Geçtiğimiz günlerde Netflix’in Avusturya menşeli dizisi Freud, izleyiciyle buluştu. İlgilisi olduğum için dizinin üzerine abartısız çullandım ve bir oturuşta bitirdim; bu açıdan teşekkürler, tüm sezonu bir anda yayınlayan Netflix’e gidiyor. Malum evden çıkmamamız gereken günlerdeyiz o yüzden sizlerin arasında da Freud ismini duyunca bir meraklananlar veya izleyecek bir dizi arayanlar varsa diyerek ivedilikle inceleme başına oturuyorum.

Başlıkta muhtemelen yazıyor olacaktır ancak sarih olması için bir kez daha söyleyelim; yazıda spoiler bulunmayacak. Gönül rahatlığı ile okuyabilirsiniz.

Adettendir, dizinin ne anlattığıyla ilgili konuşalım. Dizi, isminden de belli olduğunu düşündüğümüz şekliyle Sigmund Freud’un gençlik hayatını ve ilk çalışmalarını konu alıyor. İsminden belli olmayan ancak açıklamalarında verildiği şekliyle ise genç Freud, 1900’lerin başlarında, geliştirmekte olduğu yaklaşımları ile Viyana polis teşkilatına cinayetlerin çözümü için yardımcı oluyor. Buraya kadar olan kısımdan yola çıkarak bu dizinin bir dönem dizisi olduğunu, içerisinde psikolojik öğeler barındırdığını ve yer yer de polisiyeye yaklaştığını söylemiş oluyoruz sanırım. Ancak dizinin bunların haricinde bir de temelde kaynağını okültizmden alan fantastik boyutu var ki bunlar zaman zaman gerilim sağlıyor. Ne oldu şimdi son tahlilde? Fantastik-polisiye-psikolojik-gerilim-dönem dizisi gibi bir şey sanırım.

Dizinin ismi Freud dolayısıyla psikolojik çıkarımlar ve konuşmalar beklemek çok normal. Nitekim bölüm isimlerinde yer alan histeri, totem ve tabu, regresyon, katarsis gibi kavramlar, Freud’un yazına kazandırdığı çalışmalarından geliyor ve dizinin genel örgüsünde de bazen birebir bir alıntı bazen de karşılaşılan bir sembol olarak bunlarla karşılaşıyorsunuz. Ama bir kerede söyleyelim, bu diziyi bir biyografik belgesel izleyeceğim diye düşünerek açacaksanız ya da bilimsel gerçekler üzerine şekillenen bir hikâye umacaksanız en kısa zamanda bu düşünceden vazgeçin. Çünkü daha ziyade Freud, çevresi ve üzerinde çalışma yaptığı konularla ilgili referanslardan yola çıkılarak oluşturulmuş tam bir kurgu var elimizde. Bu dizinin kötü olduğu anlamına gelir mi? Bence hayır çünkü dizi, Freud kısmını bir sefer atlatırsanız en azından son birkaç bölüme kadar gayet sürükleyici bir hikâye sunuyor.
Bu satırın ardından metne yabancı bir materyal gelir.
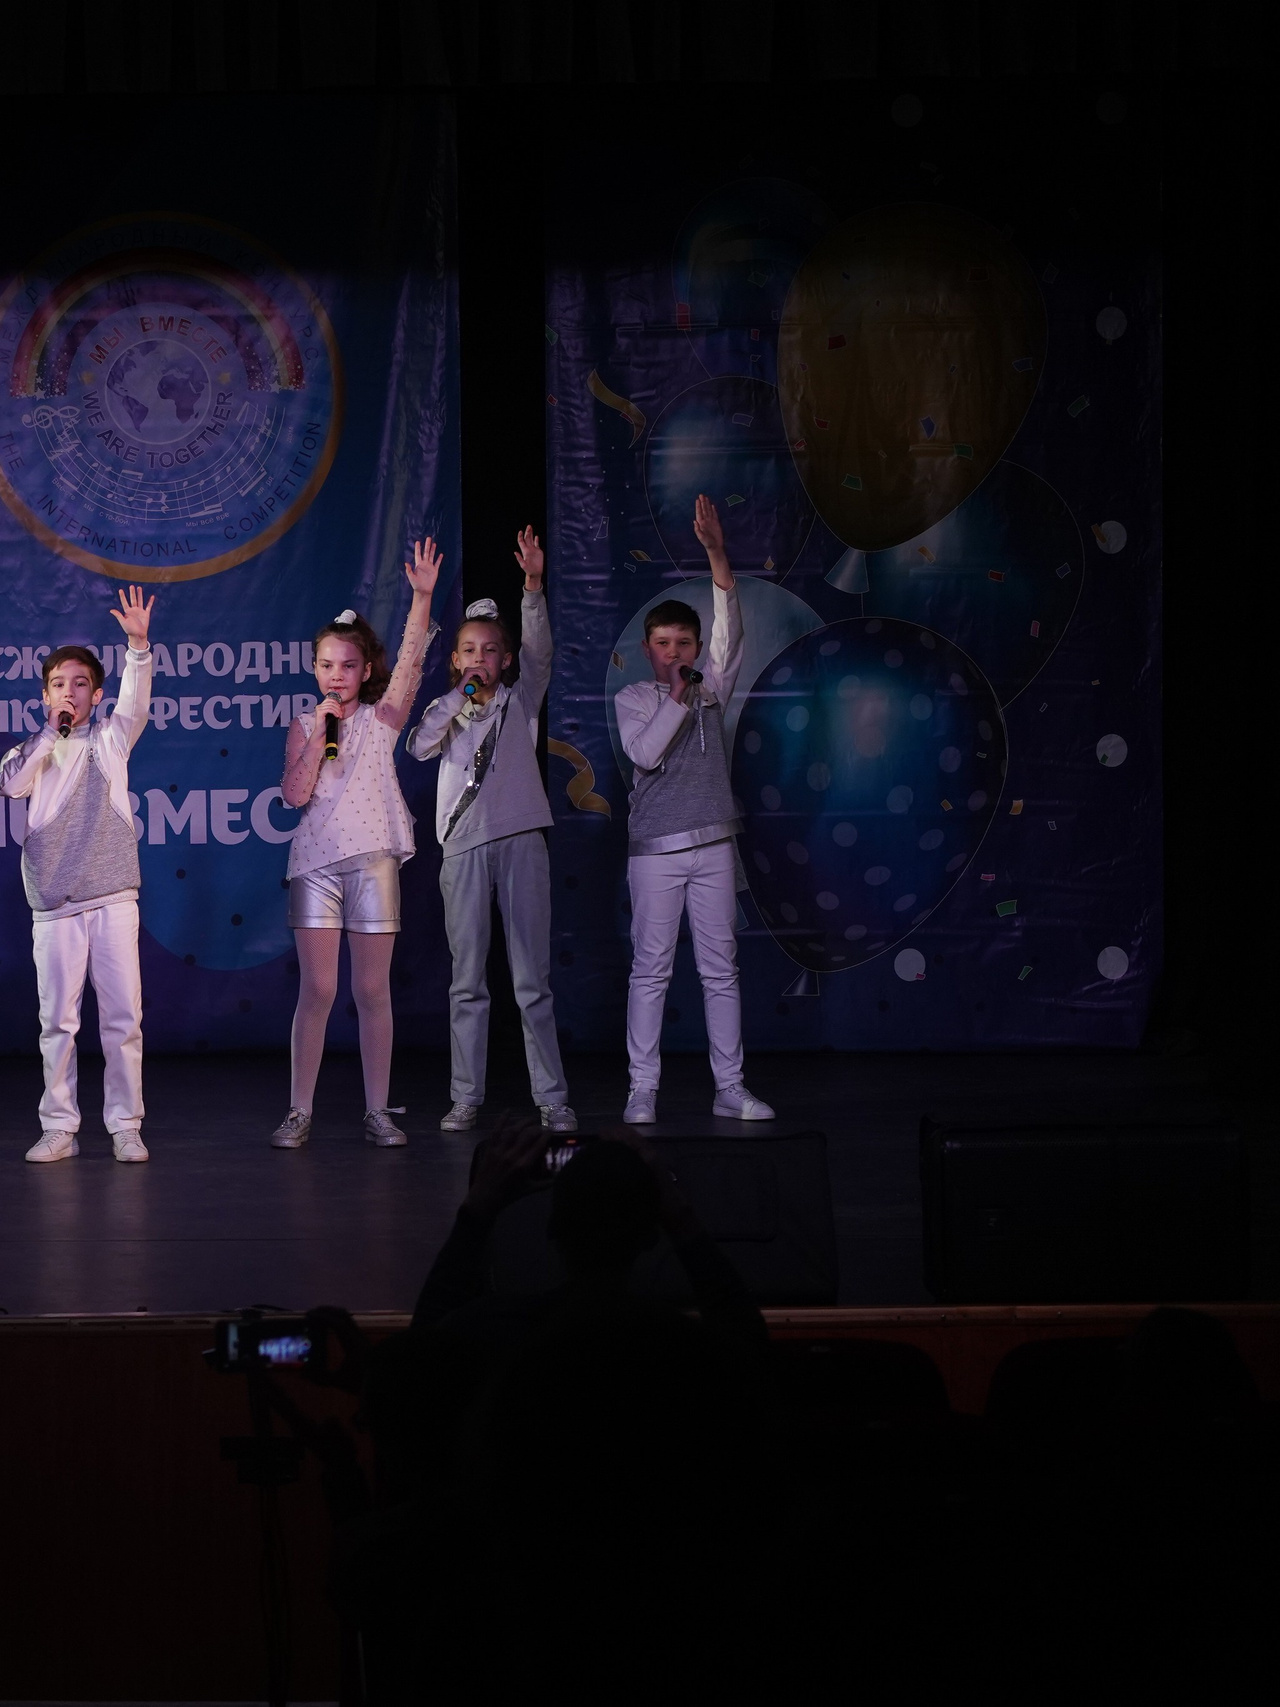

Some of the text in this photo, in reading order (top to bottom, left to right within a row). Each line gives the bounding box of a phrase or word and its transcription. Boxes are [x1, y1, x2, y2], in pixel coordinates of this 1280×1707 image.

Sürükleyiciliğinin iki temel sebebi var, birincisi fantastik öğeler ve okült imgelerin kullanımı; ikincisi ise zaten tabiatından gizemli gelen faili meçhul cinayetler. Dizi, bu ikisini, psikanalitik kavramların potasında eritmiş. Bir noktaya kadar da bence başarılı olmuş bu eritme işleminde çünkü dizi boyunca yaşanan bir şeyin fantastik olduğuna karar verdiğinizde size rasyonel bir çözüm yolu sunuyor ya da tam tersi, tam bir şeyin rasyonel temellerini çözdüğünüze kanaat getirdiğinizde size arka planda daha fantastik şeyler olduğunu düşündürtüyor. Dışarıdan bakıldığında rasyonel görünen her şey, çoklu kişilik bölünmesi yaşayan birinin nazarında irrasyonel oluyor; dizi de size bu iki bakış açısını gerek çekimleriyle gerekse de oyuncularıyla geçiriyor.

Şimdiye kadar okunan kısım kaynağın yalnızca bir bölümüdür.